_Work request:_
Output the full listing exactly.

_Exercise inputs:_

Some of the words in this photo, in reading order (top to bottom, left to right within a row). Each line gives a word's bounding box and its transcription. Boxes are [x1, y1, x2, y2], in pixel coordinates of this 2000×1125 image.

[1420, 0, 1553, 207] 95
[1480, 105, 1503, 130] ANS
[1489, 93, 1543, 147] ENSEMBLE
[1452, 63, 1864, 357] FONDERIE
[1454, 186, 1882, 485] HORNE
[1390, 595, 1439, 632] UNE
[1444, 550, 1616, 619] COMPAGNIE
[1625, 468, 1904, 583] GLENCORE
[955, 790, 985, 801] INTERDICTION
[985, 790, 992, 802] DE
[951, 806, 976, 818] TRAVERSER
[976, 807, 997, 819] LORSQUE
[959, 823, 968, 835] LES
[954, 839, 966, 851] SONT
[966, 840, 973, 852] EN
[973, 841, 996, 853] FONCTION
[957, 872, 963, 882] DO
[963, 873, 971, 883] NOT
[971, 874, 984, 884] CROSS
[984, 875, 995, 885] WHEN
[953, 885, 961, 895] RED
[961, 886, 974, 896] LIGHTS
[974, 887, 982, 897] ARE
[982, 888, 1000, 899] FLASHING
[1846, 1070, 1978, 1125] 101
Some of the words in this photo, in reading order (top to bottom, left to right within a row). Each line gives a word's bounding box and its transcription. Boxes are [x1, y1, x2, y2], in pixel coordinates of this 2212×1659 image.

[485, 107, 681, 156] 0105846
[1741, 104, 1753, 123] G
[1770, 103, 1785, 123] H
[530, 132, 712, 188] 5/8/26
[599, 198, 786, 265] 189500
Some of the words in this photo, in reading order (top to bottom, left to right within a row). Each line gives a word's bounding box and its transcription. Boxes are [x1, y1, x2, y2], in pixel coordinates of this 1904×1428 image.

_Written solution:_
Some of the words in this photo, in reading order (top to bottom, left to right within a row). Each line gives a word's bounding box and its transcription. Boxes are [x1, y1, x2, y2], in pixel coordinates of this 2000×1125 image.

[1420, 0, 1553, 207] 95
[1480, 105, 1503, 130] ANS
[1489, 93, 1543, 147] ENSEMBLE
[1452, 63, 1864, 357] FONDERIE
[1454, 186, 1882, 485] HORNE
[1390, 595, 1439, 632] UNE
[1444, 550, 1616, 619] COMPAGNIE
[1625, 468, 1904, 583] GLENCORE
[955, 790, 985, 801] INTERDICTION
[985, 790, 992, 802] DE
[951, 806, 976, 818] TRAVERSER
[976, 807, 997, 819] LORSQUE
[959, 823, 968, 835] LES
[954, 839, 966, 851] SONT
[966, 840, 973, 852] EN
[973, 841, 996, 853] FONCTION
[957, 872, 963, 882] DO
[963, 873, 971, 883] NOT
[971, 874, 984, 884] CROSS
[984, 875, 995, 885] WHEN
[953, 885, 961, 895] RED
[961, 886, 974, 896] LIGHTS
[974, 887, 982, 897] ARE
[982, 888, 1000, 899] FLASHING
[1846, 1070, 1978, 1125] 101
Some of the words in this photo, in reading order (top to bottom, left to right within a row). Each line gives a word's bounding box and its transcription. Boxes are [x1, y1, x2, y2], in pixel coordinates of this 2212×1659 image.

[485, 107, 681, 156] 0105846
[1741, 104, 1753, 123] G
[1770, 103, 1785, 123] H
[530, 132, 712, 188] 5/8/26
[599, 198, 786, 265] 189500
Some of the words in this photo, in reading order (top to bottom, left to right within a row). Each line gives a word's bounding box and its transcription. Boxes are [x1, y1, x2, y2], in pixel coordinates of this 1904×1428 image.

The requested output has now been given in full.